» **Record excerpts**
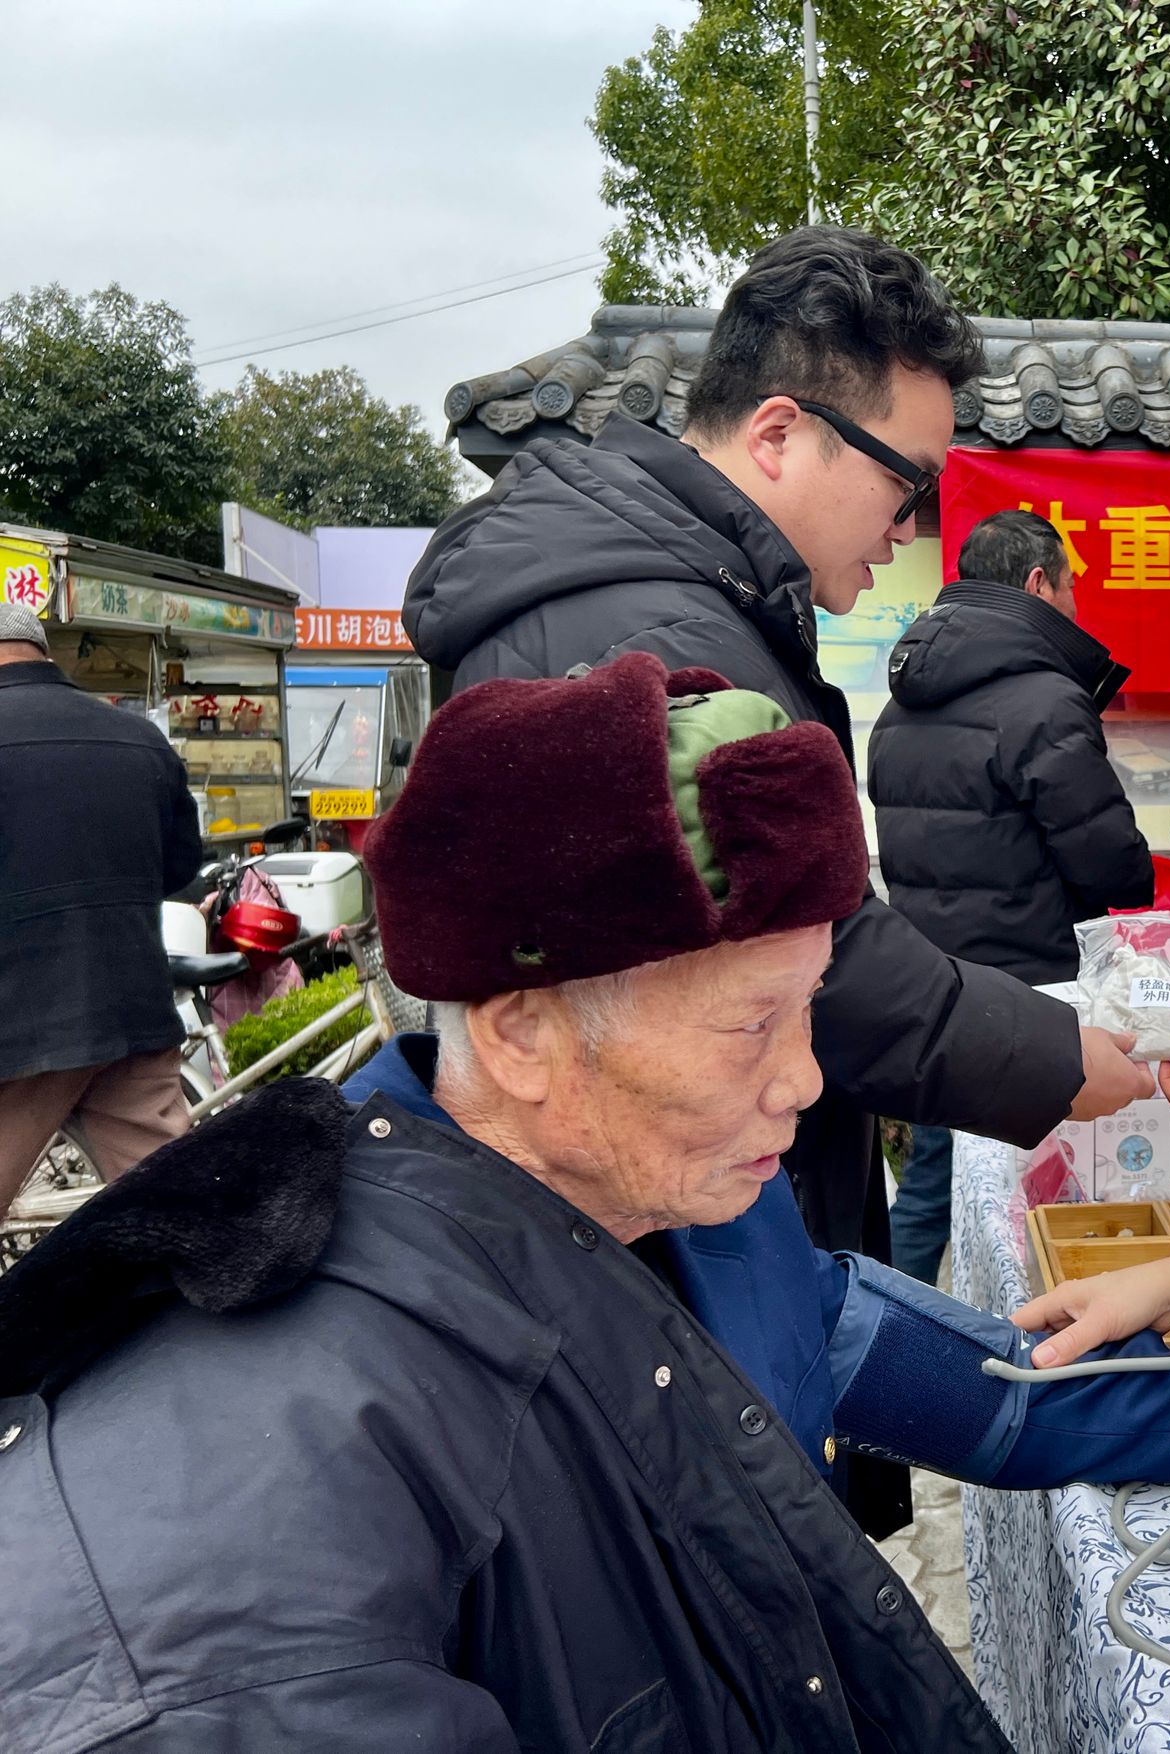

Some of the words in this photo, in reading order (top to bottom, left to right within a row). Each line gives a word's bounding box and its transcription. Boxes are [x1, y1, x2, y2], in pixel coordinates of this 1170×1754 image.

[6, 566, 46, 607] 淋
[295, 613, 412, 647] 川胡泡
[1143, 990, 1170, 1002] 外用
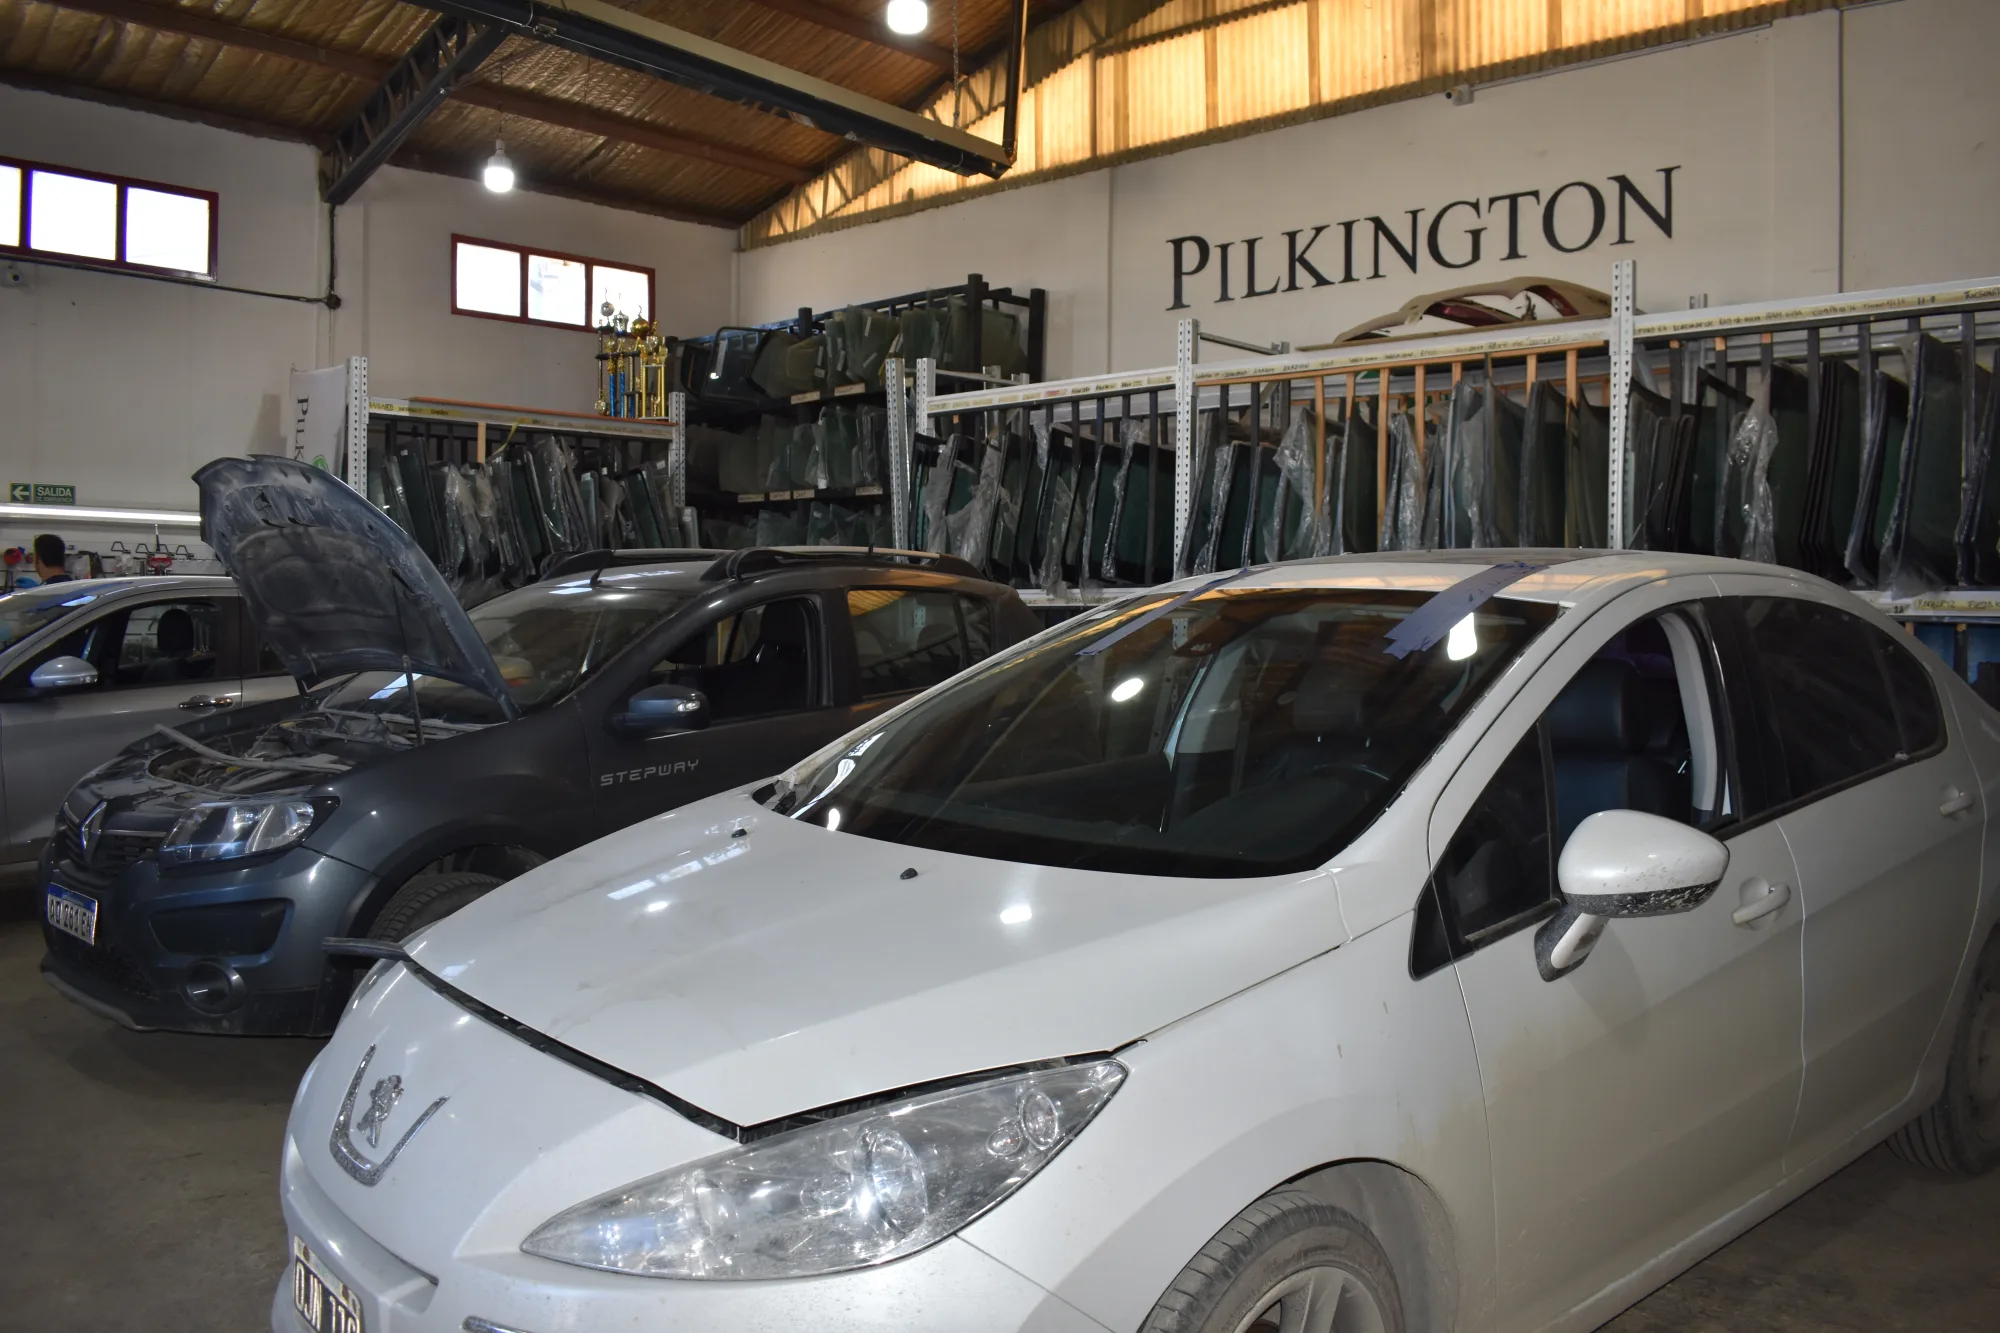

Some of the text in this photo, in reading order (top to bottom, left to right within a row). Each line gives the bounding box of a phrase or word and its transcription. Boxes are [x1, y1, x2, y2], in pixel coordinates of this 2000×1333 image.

» **Problem to work on**
Each entry above should be restated word for word, though no picture may appear in the copy.

» **Output for this exercise**
Some of the words in this photo, in reading order (top to bottom, left to right within a row). Each line gives a word's bounding box and its transcription. Boxes are [x1, y1, x2, y2], in pixel coordinates of this 1170×1754 image.

[6, 566, 46, 607] 淋
[295, 613, 412, 647] 川胡泡
[1143, 990, 1170, 1002] 外用

Some of the text in this photo, in reading order (top to bottom, left to right within a row). Each line gives the bounding box of a phrase or word and its transcription. Boxes are [x1, y1, x2, y2], in pixel coordinates of this 2000×1333 image.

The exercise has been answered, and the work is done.